Lorsque tous trahiront : la fin, froide et boueuse, des collabos

Ah les convictions... Il y a ceux qui les foulent aux pieds pour quelque menue monnaie et d'autres pour sauver leurs fesses. Au début de l'année 1945, sur le lac de Constance, frontière naturelle entre l'Allemagne, la Suisse et l'Autriche, il reste une poignée de soldats et d'officiers nazis, acculés, n'osant rêver d'un retournement de situation. Et puis il y a les Français pétainistes, réunis autour du Corse Simon Sabiani mais surtout Jacques Doriot, créateur du Parti Populaire français, puis de la Légion des Volontaires Français. Fuyant la Résistance et l'avancée des troupes alliées, ils tentent, dans ce paysage alpestre, d'organiser une nouvelle armée, avec l'aide, bien entendu, des Allemands. Mais ce 22 février 1945, " le Chef", Doriot, a été pris dans sa voiture, sous le feu de deux avions britanniques... Sans leader, ces rescapés de la collaboration découvrent que leur patron est tombé dans un traquenard. Quelqu'un a donné les informations sur le trajet de Doriot. Un jeune lieutenant, ancien de la LVF et le dernier à croire à une France sous domination teutonne, enquête sur un opérateur radio, puis chez la SS... et se rend compte qu'il est bien seul.

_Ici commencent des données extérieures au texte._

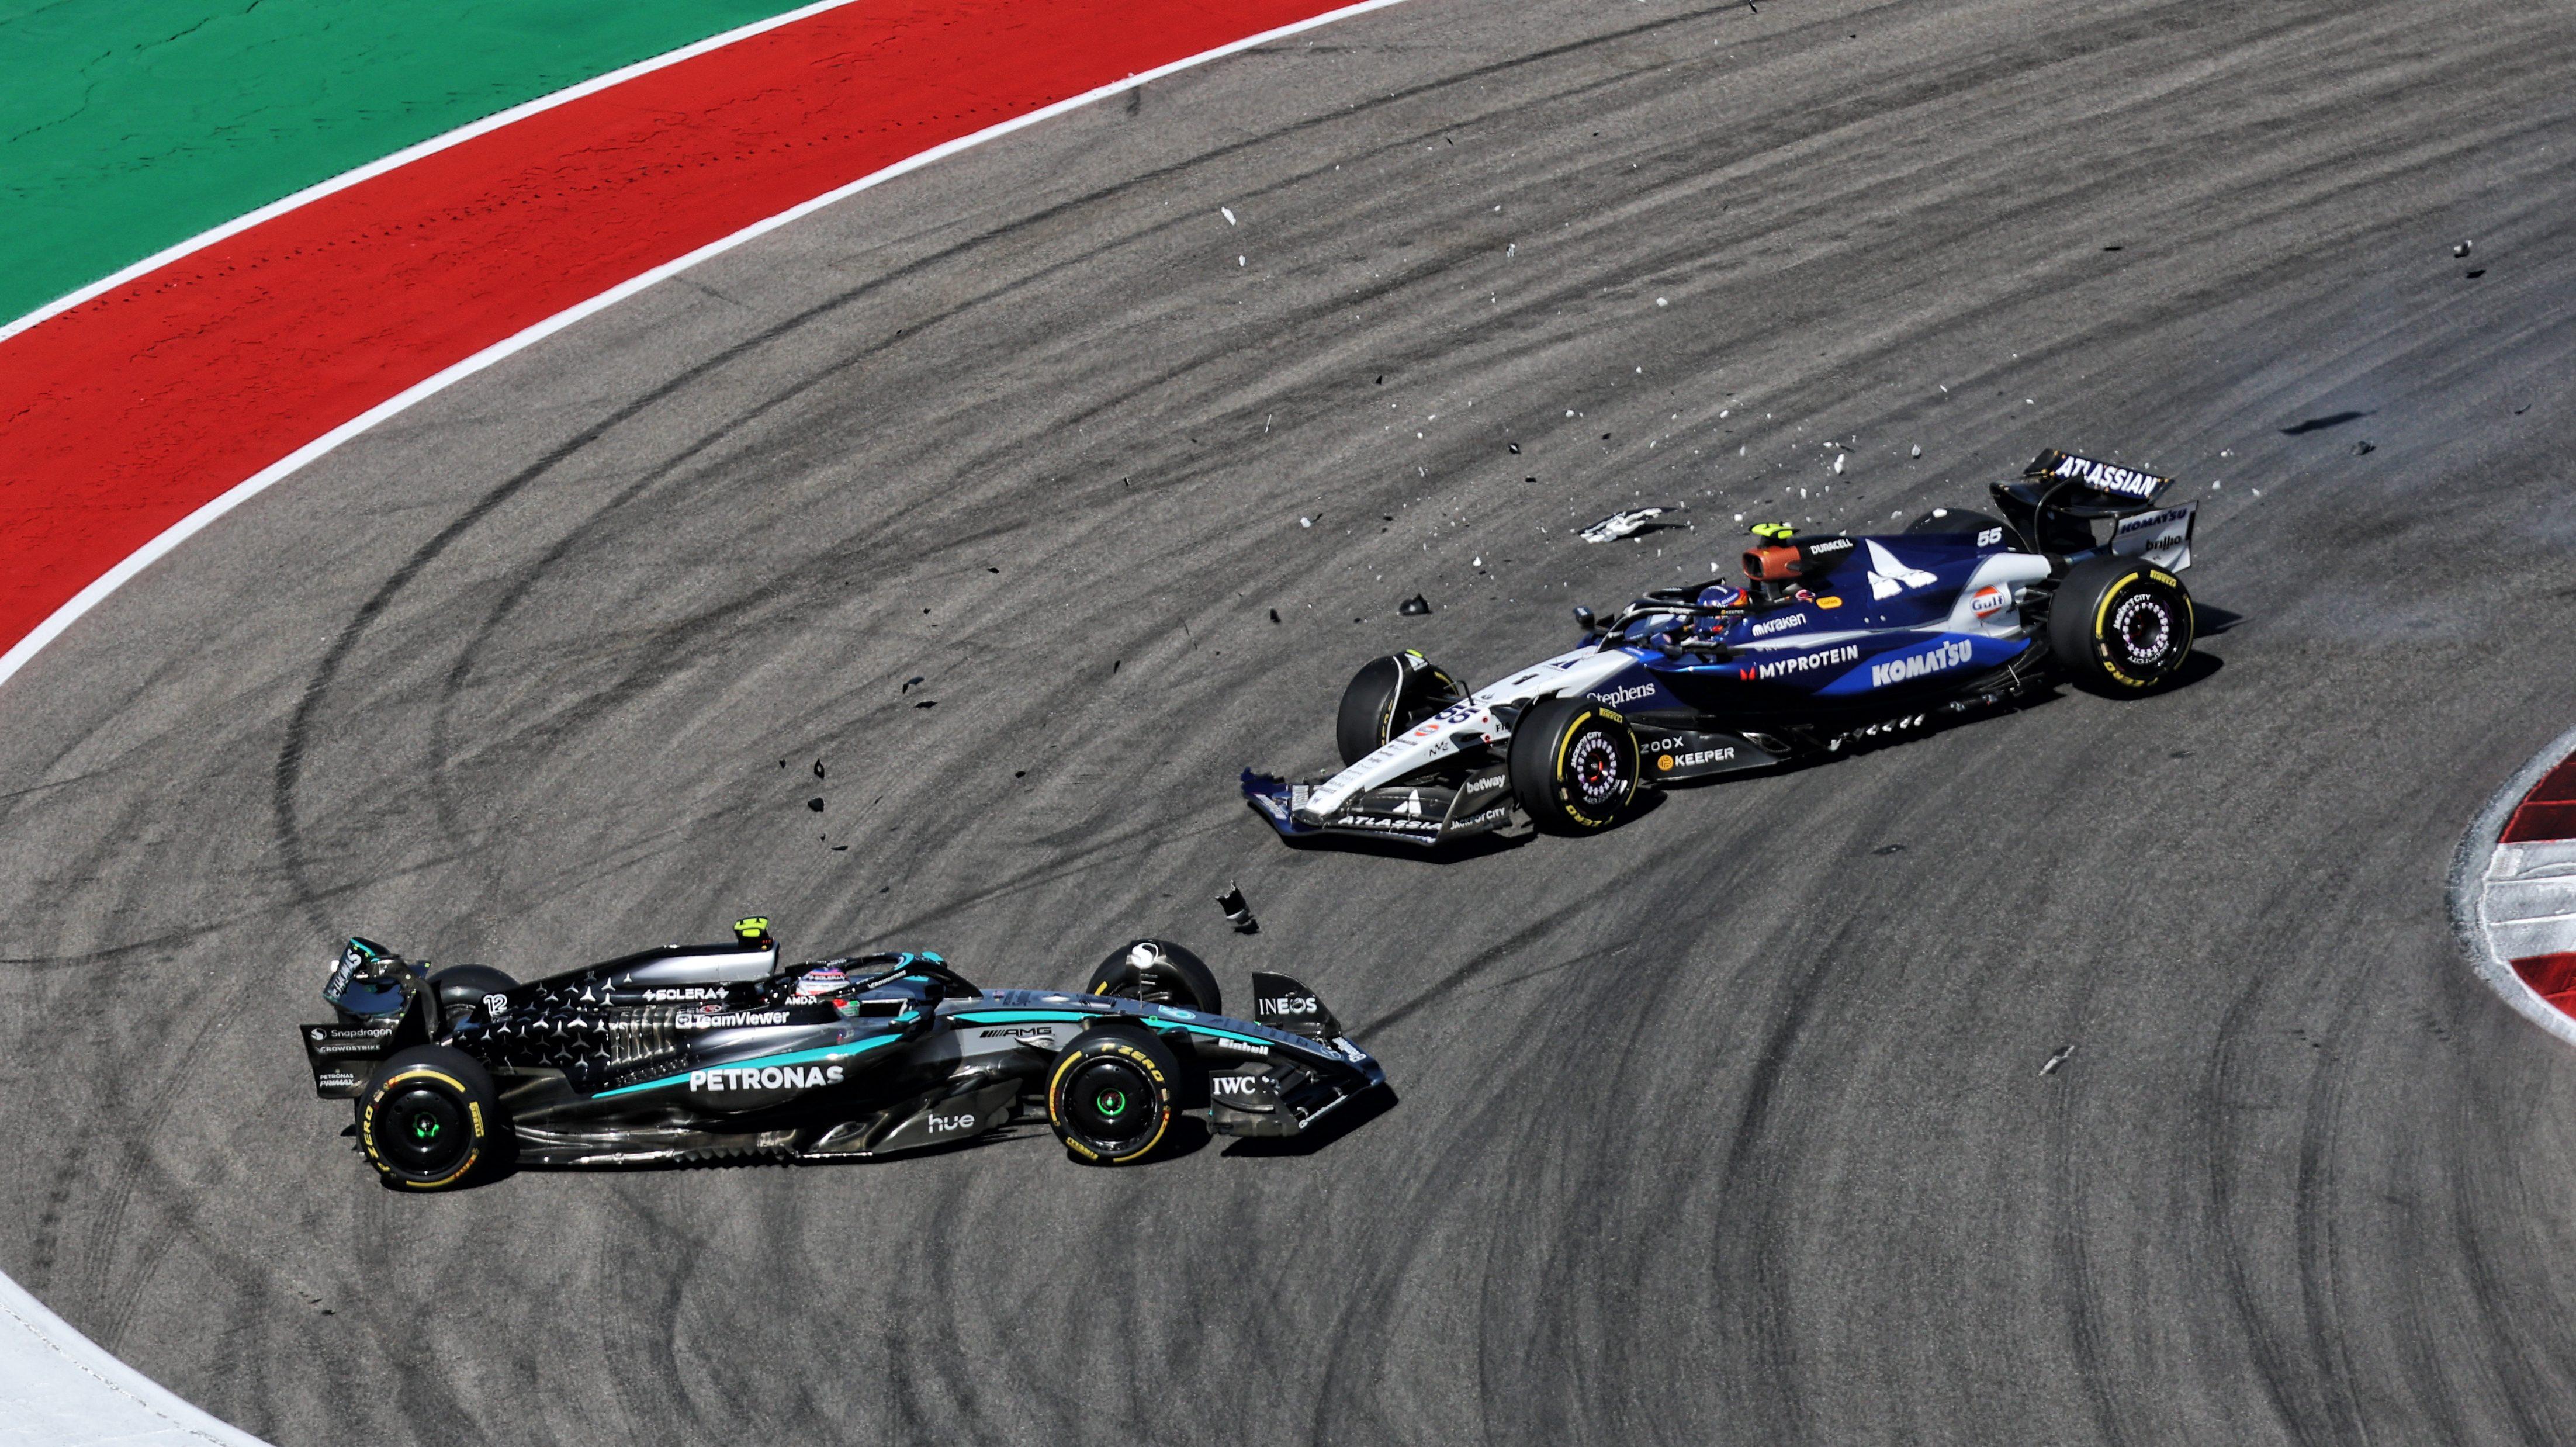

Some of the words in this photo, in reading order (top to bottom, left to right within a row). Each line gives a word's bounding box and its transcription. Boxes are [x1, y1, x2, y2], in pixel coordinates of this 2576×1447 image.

[2055, 456, 2159, 496] ATLASSIAN
[2120, 507, 2187, 534] KOMATSU
[1810, 538, 1853, 555] DURACELL
[1976, 527, 2002, 548] 55
[1972, 596, 2003, 611] Gulf
[1759, 644, 1859, 679] MYPROTEIN
[1872, 639, 1972, 687] KOMATSU
[1599, 707, 1623, 724] PIRELLI
[1587, 731, 1602, 740] CITY
[1675, 747, 1735, 767] KEEPER
[1466, 774, 1505, 794] betway
[1486, 807, 1505, 820] CITY
[1338, 816, 1442, 830] ATLASSIA
[656, 987, 718, 1001] SOLERA
[785, 995, 809, 1006] AMD
[483, 994, 508, 1017] 12
[1259, 997, 1317, 1015] INEOS
[693, 1011, 790, 1029] TeamViewer
[331, 1027, 392, 1038] Snapdragon
[1003, 1027, 1052, 1037] AMG
[320, 1044, 380, 1053] CROWDSTRIKE
[1118, 1045, 1165, 1082] ZERO
[690, 1065, 844, 1092] PETRONAS
[1213, 1076, 1255, 1095] IWC
[363, 1104, 379, 1159] ZERO
[929, 1114, 975, 1133] hue
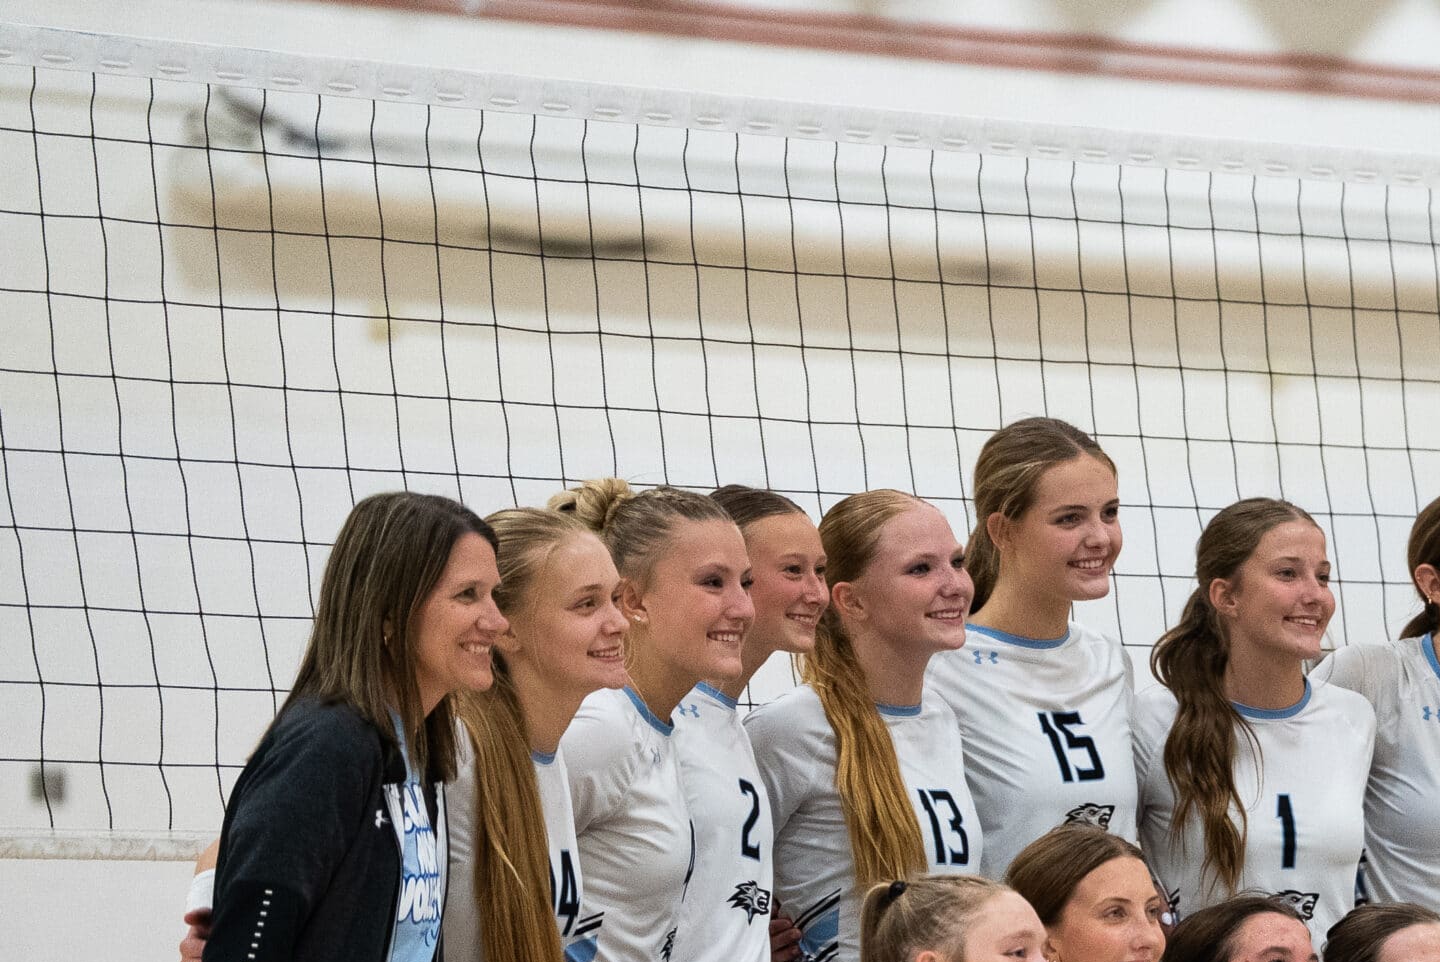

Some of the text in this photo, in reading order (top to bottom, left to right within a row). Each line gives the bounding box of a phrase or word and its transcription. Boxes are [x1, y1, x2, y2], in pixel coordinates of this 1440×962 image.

[1037, 711, 1105, 783] 15
[738, 778, 761, 862] 2
[917, 789, 969, 866] 13
[1277, 793, 1296, 869] 1
[549, 849, 580, 938] 4
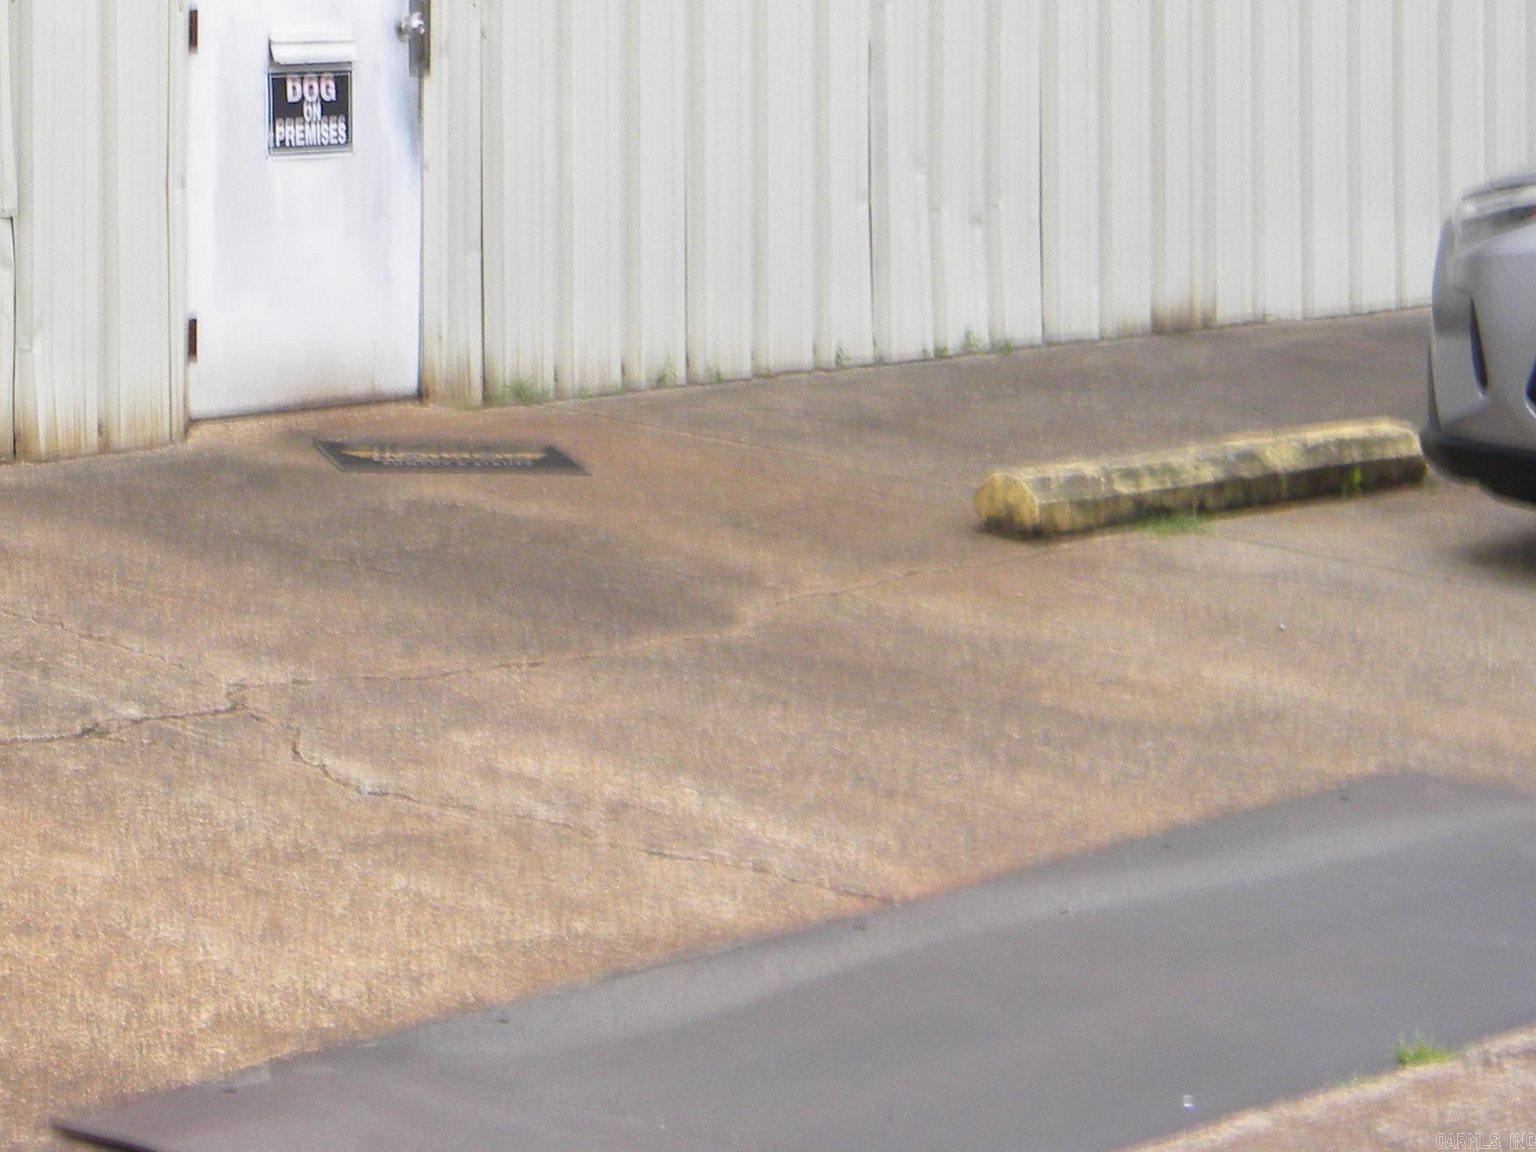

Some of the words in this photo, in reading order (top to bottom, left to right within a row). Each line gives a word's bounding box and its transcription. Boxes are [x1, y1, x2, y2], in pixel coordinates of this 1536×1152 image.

[286, 74, 337, 103] DOG
[303, 100, 322, 123] ON
[275, 115, 347, 148] PREMISES
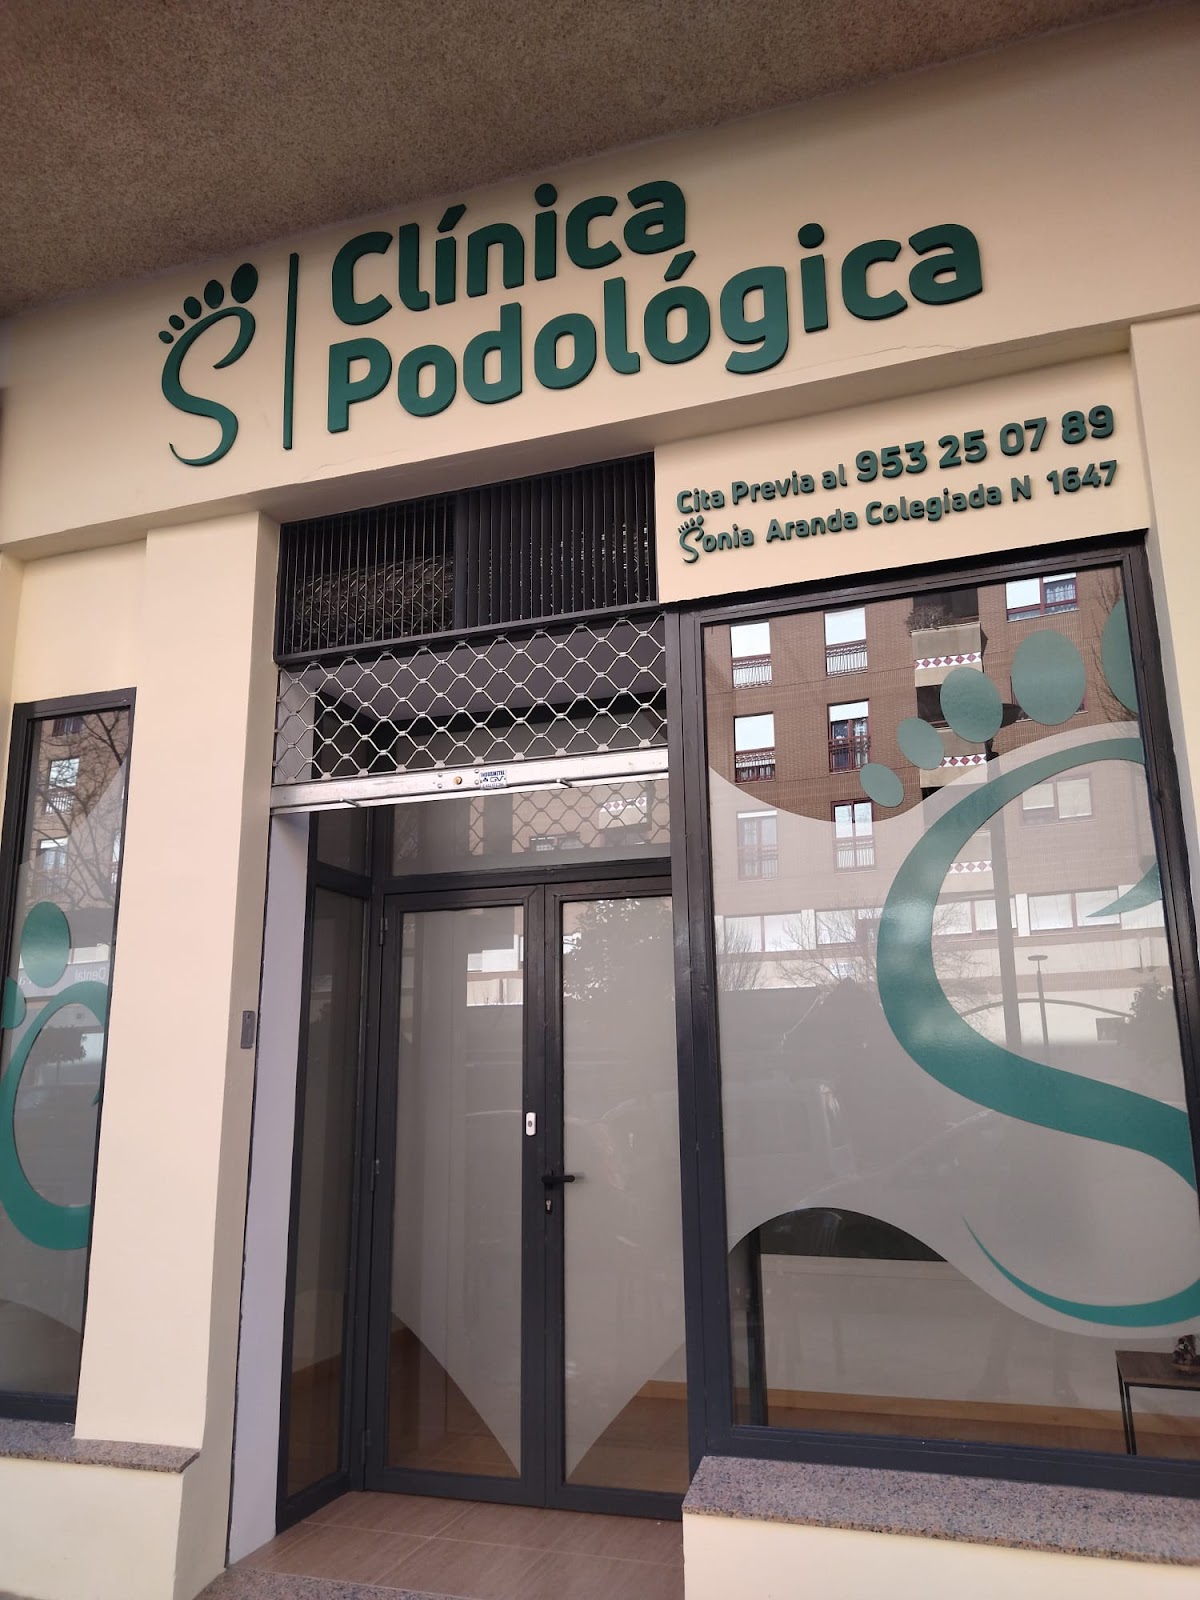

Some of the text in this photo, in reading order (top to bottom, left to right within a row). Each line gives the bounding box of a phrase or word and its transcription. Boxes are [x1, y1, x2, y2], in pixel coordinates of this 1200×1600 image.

C'est peu de dire que l'on connaît assez mal ce moment précis de la Seconde Guerre Mondiale, la fuite des cerveaux de la collaboration, ces dignitaires du Pétainisme, persuadés de pouvoir mettre sur pied une contre offensive depuis le lac de Constance. Enfin, persuadés. L'intérêt de Lorsque tous trahiront, c'est justement de montrer à quel point ces hommes sont capables d'un double voire d'un triple jeu, de se rapprocher des Américains pour certains, de de Gaulle pour d'autres. Pierre Olivier, l'auteur, plonge son personnage principal, dans une quête impossible, à la recherche d'une vérité forcément insaisissable puisque, le titre le dit bien, plus personne n'est à ses côtés. Le vice de ce magnifique roman d'espionnage, c'est alors de se sentir tellement proche de ce jeune lieutenant, à l'âme presque pure, mue uniquement par sa foi politique et son aversion du bolchévisme. Inversement, les collabos, les SS, prêts à trahir, ne sont que duperie, faiblesse.  Pierre Olivier ne verse absolument pas dans l'ambiguïté, mais souligne avec une certaine maestria, parce qu'il faut savoir se sortir d'un tel nid de serpents, que l'Histoire n'est jamais aussi simple et surtout aussi jolie que dans les manuels scolaires. Simon Sabiani, par exemple, finira sa vie tranquillement en exil, poussant son dernier soupir en liberté du côté de Barcelone, dix ans plus tard.
Lorsque tous trahiront, rythmé au grès des pénuries d'essence et du froid des Alpes, remet au goût du jour le récit de guerre. De fin de guerre en l'occurrence. Aucune chance de s'ennuyer dans cette solide intrigue, resserrée, tendue par l'imminence de la chute. Et les passages souvenirs de ce lieutenant sur le front de l'Est sont terribles.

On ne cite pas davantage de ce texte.